> The problem: Only one range belongs in the answer: the line holding "Some of the text" through the last line of the records, reproduced as is.

Supplied records section start

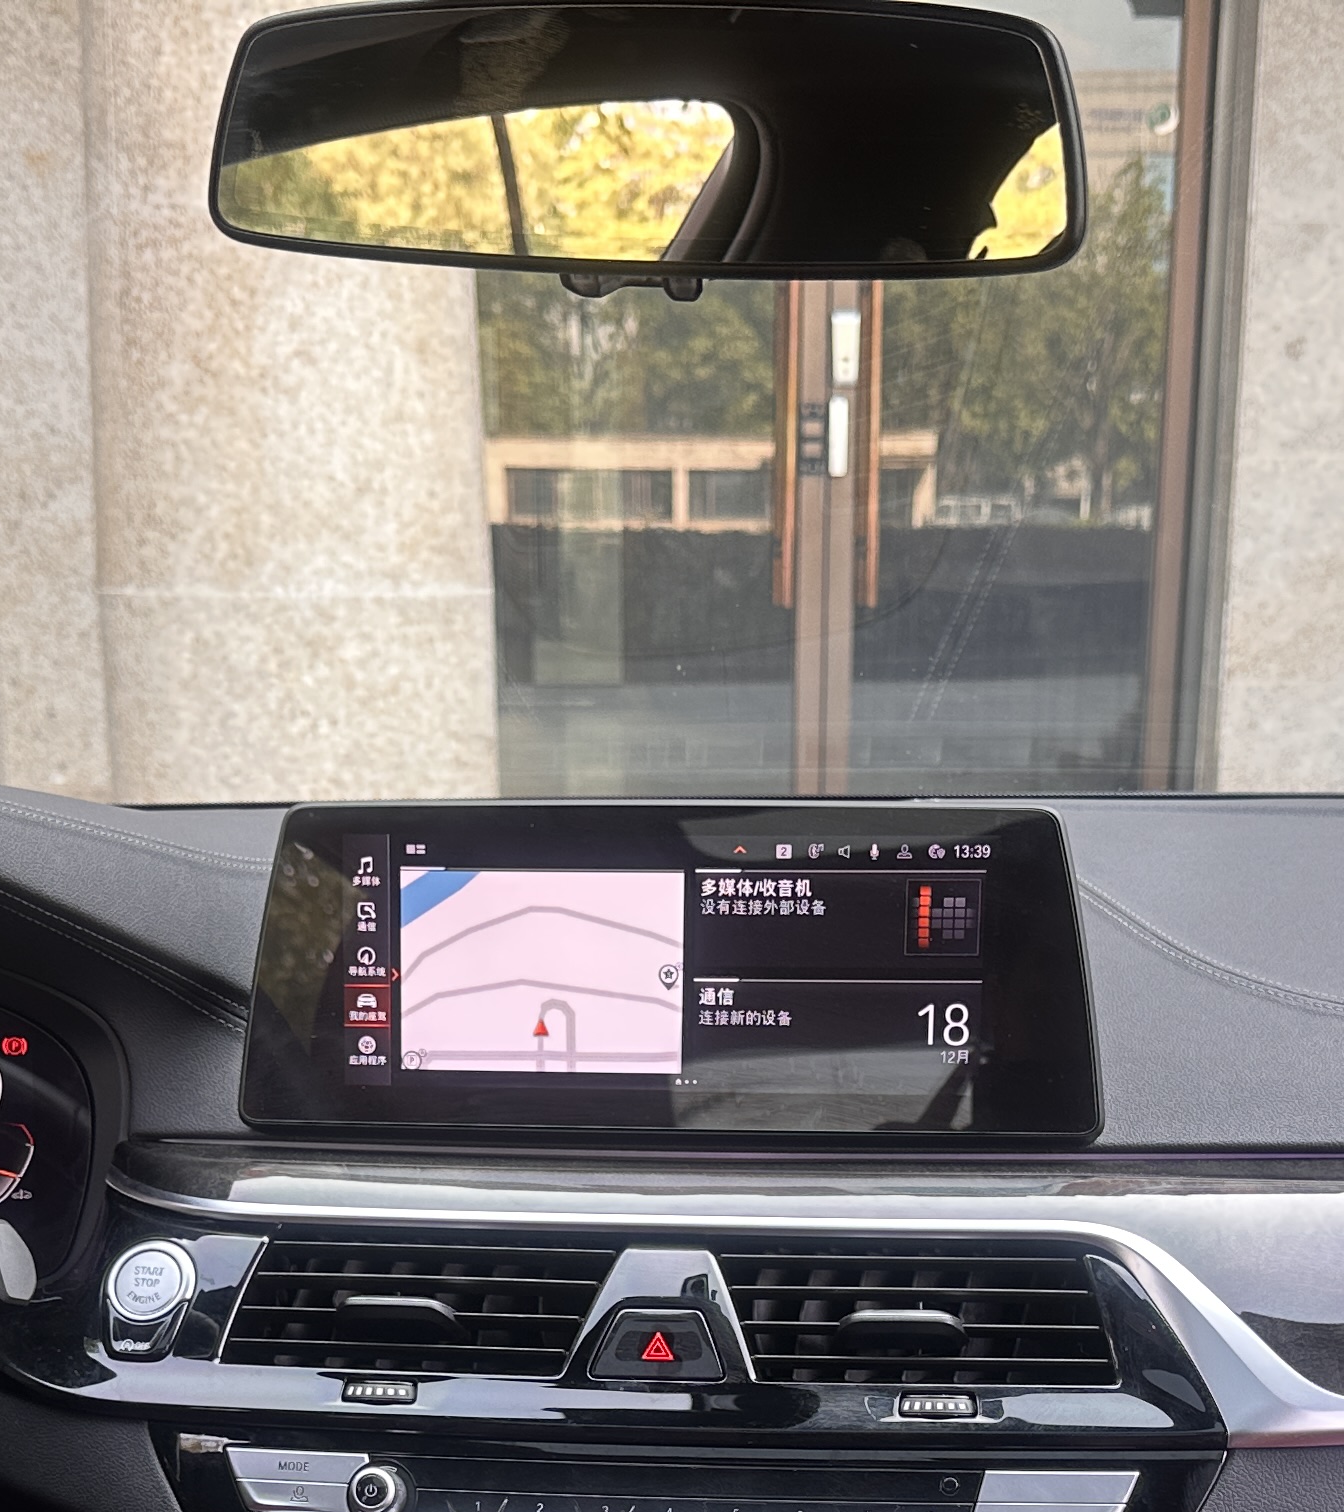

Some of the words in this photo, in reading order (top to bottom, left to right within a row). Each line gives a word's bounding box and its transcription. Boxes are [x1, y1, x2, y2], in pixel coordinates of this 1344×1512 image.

[953, 844, 991, 859] 13:39
[352, 875, 381, 887] 多媒体
[700, 878, 812, 898] 多媒体/收音机
[700, 899, 827, 916] 没有连接外部设备
[348, 965, 387, 978] 导航系统
[698, 987, 735, 1006] 通信
[698, 1010, 793, 1027] 连接新的设备
[917, 1002, 971, 1047] 18
[939, 1050, 970, 1065] 12月
[134, 1265, 165, 1277] START
[134, 1277, 161, 1288] STOP
[126, 1290, 162, 1304] ENGINE
[277, 1460, 310, 1472] MODE
[474, 1501, 481, 1512] 1
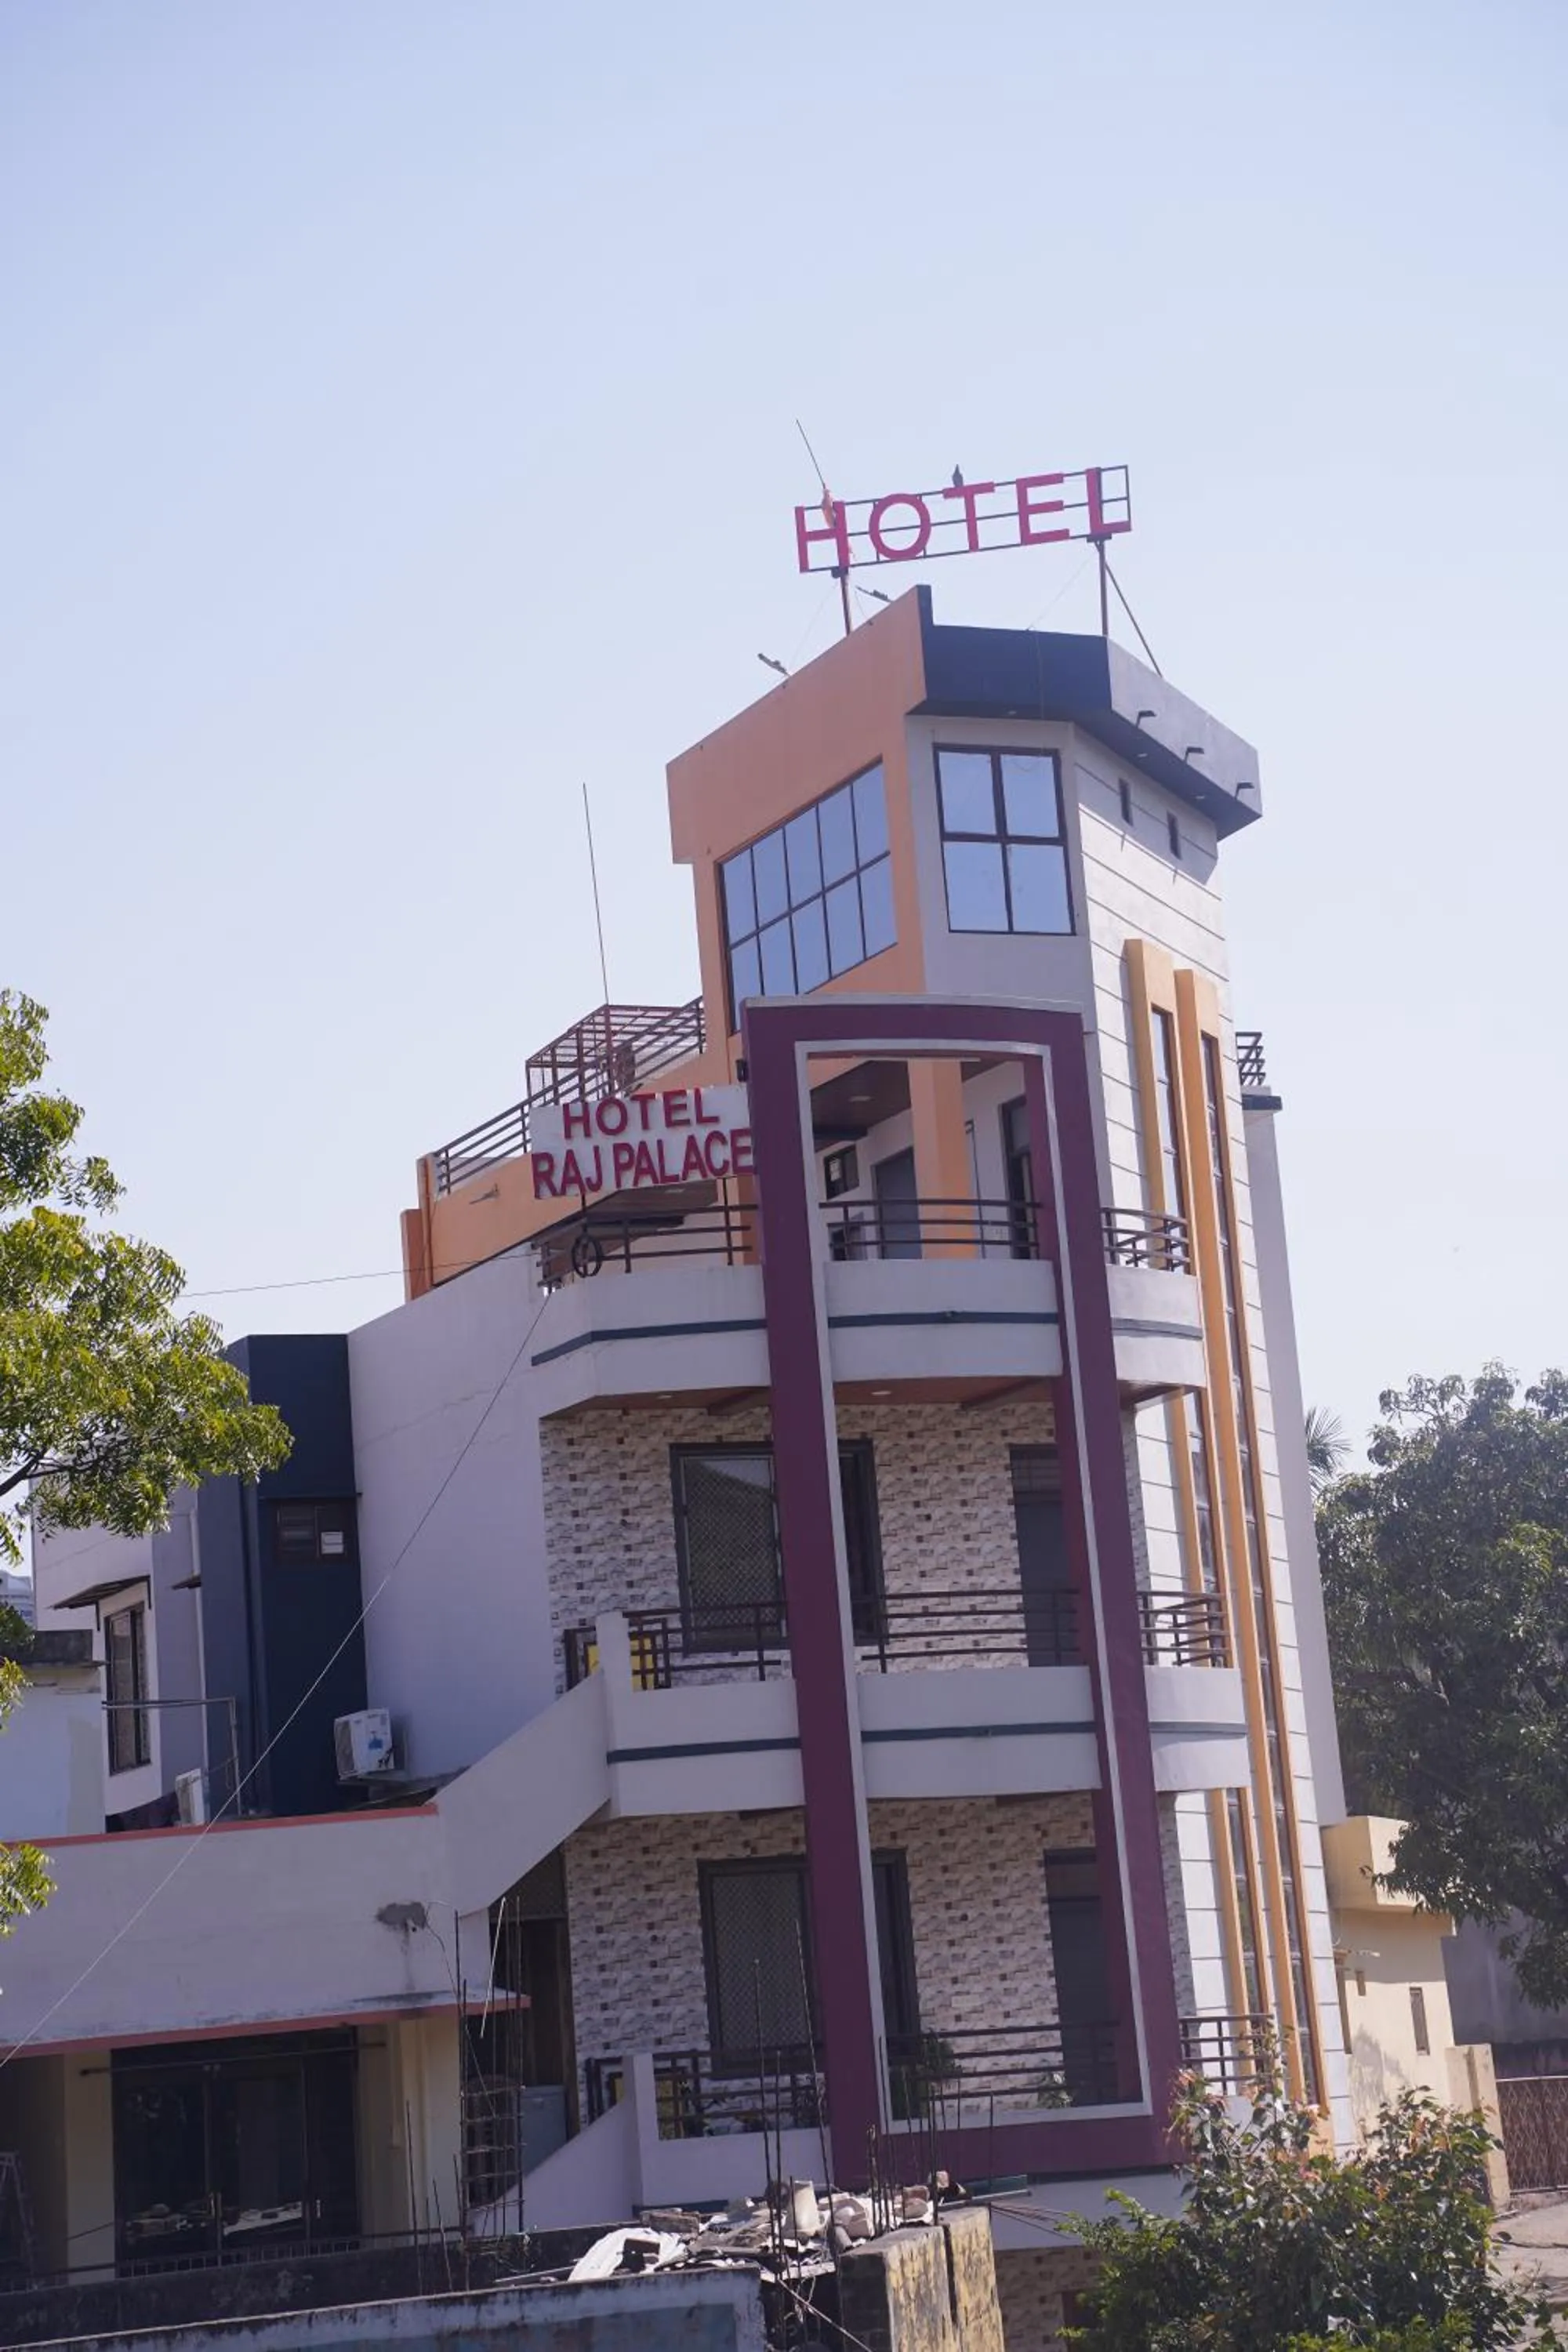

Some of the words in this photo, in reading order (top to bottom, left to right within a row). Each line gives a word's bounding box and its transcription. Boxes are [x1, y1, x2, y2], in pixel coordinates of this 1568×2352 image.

[794, 466, 1131, 573] HOTEL
[562, 1087, 720, 1140] HOTEL
[532, 1145, 604, 1200] RAJ
[612, 1127, 754, 1189] PALACE
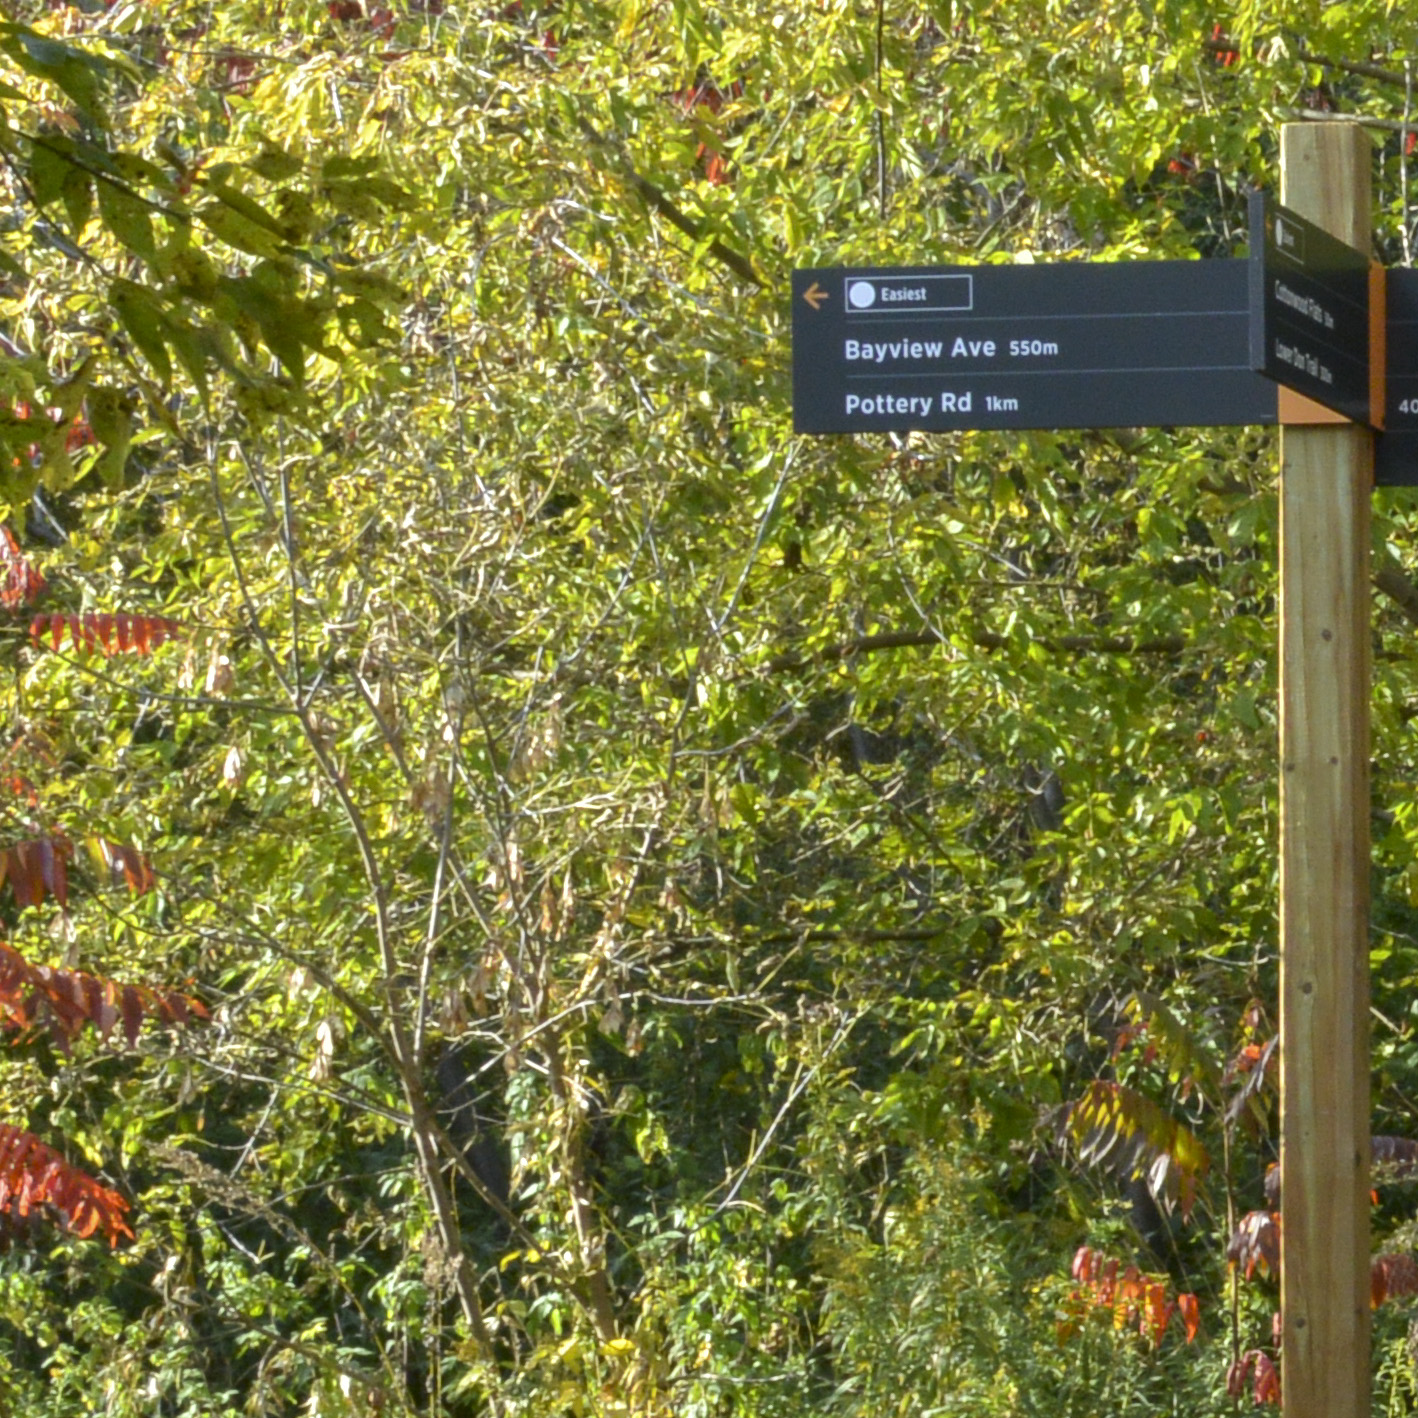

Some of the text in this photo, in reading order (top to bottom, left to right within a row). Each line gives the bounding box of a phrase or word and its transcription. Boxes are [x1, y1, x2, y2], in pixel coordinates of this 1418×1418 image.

[881, 286, 926, 302] Easiest
[845, 337, 1058, 361] Bayview Ave 550m
[845, 393, 1018, 416] Pottery Rd 1km

Supplied records section end

> Result of the exercise:
Some of the text in this photo, in reading order (top to bottom, left to right within a row). Each line gives the bounding box of a phrase or word and its transcription. Boxes are [x1, y1, x2, y2], in pixel coordinates of this 1418×1418 image.

[881, 286, 926, 302] Easiest
[845, 337, 1058, 361] Bayview Ave 550m
[845, 393, 1018, 416] Pottery Rd 1km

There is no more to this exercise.